- **Try it**
Repeat every entry below exactly as given.

◆ ◆ ◆

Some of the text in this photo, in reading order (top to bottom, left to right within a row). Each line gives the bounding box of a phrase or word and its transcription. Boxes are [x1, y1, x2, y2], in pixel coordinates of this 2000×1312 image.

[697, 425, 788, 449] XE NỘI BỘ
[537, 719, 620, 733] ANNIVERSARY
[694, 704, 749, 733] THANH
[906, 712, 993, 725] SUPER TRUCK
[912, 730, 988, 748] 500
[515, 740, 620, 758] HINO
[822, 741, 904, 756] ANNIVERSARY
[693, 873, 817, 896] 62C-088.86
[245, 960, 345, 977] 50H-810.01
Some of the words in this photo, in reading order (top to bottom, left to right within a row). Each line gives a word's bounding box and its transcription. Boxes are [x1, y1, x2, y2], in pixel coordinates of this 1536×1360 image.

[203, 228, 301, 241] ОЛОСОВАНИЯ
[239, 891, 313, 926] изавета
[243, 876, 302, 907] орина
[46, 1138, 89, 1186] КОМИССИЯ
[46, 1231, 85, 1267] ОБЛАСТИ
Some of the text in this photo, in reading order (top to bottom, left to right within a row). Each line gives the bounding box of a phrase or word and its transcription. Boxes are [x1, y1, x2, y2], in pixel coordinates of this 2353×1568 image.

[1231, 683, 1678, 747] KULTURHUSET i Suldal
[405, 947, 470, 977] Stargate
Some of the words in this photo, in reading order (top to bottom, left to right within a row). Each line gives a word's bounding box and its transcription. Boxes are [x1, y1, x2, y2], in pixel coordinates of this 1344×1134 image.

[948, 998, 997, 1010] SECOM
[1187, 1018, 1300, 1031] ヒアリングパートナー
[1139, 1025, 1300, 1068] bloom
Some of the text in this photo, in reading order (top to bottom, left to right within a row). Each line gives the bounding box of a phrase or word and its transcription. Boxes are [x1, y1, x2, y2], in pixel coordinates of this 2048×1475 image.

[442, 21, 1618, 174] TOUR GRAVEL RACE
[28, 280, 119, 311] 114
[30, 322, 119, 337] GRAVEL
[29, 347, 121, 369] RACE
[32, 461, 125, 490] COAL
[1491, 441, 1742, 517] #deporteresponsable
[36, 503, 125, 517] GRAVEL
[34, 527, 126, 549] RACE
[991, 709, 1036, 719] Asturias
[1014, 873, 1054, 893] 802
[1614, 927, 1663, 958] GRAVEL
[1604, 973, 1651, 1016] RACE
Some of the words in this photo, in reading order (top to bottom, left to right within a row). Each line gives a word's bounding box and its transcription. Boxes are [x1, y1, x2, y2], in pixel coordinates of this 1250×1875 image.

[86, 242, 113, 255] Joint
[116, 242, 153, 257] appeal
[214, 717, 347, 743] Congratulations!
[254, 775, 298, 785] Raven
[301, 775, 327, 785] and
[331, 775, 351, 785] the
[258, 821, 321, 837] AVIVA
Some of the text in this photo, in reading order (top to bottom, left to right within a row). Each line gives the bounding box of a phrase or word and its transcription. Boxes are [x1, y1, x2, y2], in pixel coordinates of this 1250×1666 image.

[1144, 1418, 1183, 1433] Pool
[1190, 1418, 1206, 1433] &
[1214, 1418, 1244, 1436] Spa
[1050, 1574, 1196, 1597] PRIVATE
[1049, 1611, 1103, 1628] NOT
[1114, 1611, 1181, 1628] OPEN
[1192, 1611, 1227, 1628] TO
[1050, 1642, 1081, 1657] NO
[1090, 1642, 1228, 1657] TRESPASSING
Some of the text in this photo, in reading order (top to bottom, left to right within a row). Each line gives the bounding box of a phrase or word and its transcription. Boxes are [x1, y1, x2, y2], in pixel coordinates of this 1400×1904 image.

◆ ◆ ◆

- **Output of the task**
Some of the text in this photo, in reading order (top to bottom, left to right within a row). Each line gives the bounding box of a phrase or word and its transcription. Boxes are [x1, y1, x2, y2], in pixel coordinates of this 2000×1312 image.

[697, 425, 788, 449] XE NỘI BỘ
[537, 719, 620, 733] ANNIVERSARY
[694, 704, 749, 733] THANH
[906, 712, 993, 725] SUPER TRUCK
[912, 730, 988, 748] 500
[515, 740, 620, 758] HINO
[822, 741, 904, 756] ANNIVERSARY
[693, 873, 817, 896] 62C-088.86
[245, 960, 345, 977] 50H-810.01
Some of the words in this photo, in reading order (top to bottom, left to right within a row). Each line gives a word's bounding box and its transcription. Boxes are [x1, y1, x2, y2], in pixel coordinates of this 1536×1360 image.

[203, 228, 301, 241] ОЛОСОВАНИЯ
[239, 891, 313, 926] изавета
[243, 876, 302, 907] орина
[46, 1138, 89, 1186] КОМИССИЯ
[46, 1231, 85, 1267] ОБЛАСТИ
Some of the text in this photo, in reading order (top to bottom, left to right within a row). Each line gives the bounding box of a phrase or word and its transcription. Boxes are [x1, y1, x2, y2], in pixel coordinates of this 2353×1568 image.

[1231, 683, 1678, 747] KULTURHUSET i Suldal
[405, 947, 470, 977] Stargate
Some of the words in this photo, in reading order (top to bottom, left to right within a row). Each line gives a word's bounding box and its transcription. Boxes are [x1, y1, x2, y2], in pixel coordinates of this 1344×1134 image.

[948, 998, 997, 1010] SECOM
[1187, 1018, 1300, 1031] ヒアリングパートナー
[1139, 1025, 1300, 1068] bloom
Some of the text in this photo, in reading order (top to bottom, left to right within a row). Each line gives the bounding box of a phrase or word and its transcription. Boxes are [x1, y1, x2, y2], in pixel coordinates of this 2048×1475 image.

[442, 21, 1618, 174] TOUR GRAVEL RACE
[28, 280, 119, 311] 114
[30, 322, 119, 337] GRAVEL
[29, 347, 121, 369] RACE
[32, 461, 125, 490] COAL
[1491, 441, 1742, 517] #deporteresponsable
[36, 503, 125, 517] GRAVEL
[34, 527, 126, 549] RACE
[991, 709, 1036, 719] Asturias
[1014, 873, 1054, 893] 802
[1614, 927, 1663, 958] GRAVEL
[1604, 973, 1651, 1016] RACE
Some of the words in this photo, in reading order (top to bottom, left to right within a row). Each line gives a word's bounding box and its transcription. Boxes are [x1, y1, x2, y2], in pixel coordinates of this 1250×1875 image.

[86, 242, 113, 255] Joint
[116, 242, 153, 257] appeal
[214, 717, 347, 743] Congratulations!
[254, 775, 298, 785] Raven
[301, 775, 327, 785] and
[331, 775, 351, 785] the
[258, 821, 321, 837] AVIVA
Some of the text in this photo, in reading order (top to bottom, left to right within a row). Each line gives the bounding box of a phrase or word and its transcription. Boxes are [x1, y1, x2, y2], in pixel coordinates of this 1250×1666 image.

[1144, 1418, 1183, 1433] Pool
[1190, 1418, 1206, 1433] &
[1214, 1418, 1244, 1436] Spa
[1050, 1574, 1196, 1597] PRIVATE
[1049, 1611, 1103, 1628] NOT
[1114, 1611, 1181, 1628] OPEN
[1192, 1611, 1227, 1628] TO
[1050, 1642, 1081, 1657] NO
[1090, 1642, 1228, 1657] TRESPASSING
Some of the text in this photo, in reading order (top to bottom, left to right within a row). Each line gives the bounding box of a phrase or word and its transcription. Boxes are [x1, y1, x2, y2], in pixel coordinates of this 1400×1904 image.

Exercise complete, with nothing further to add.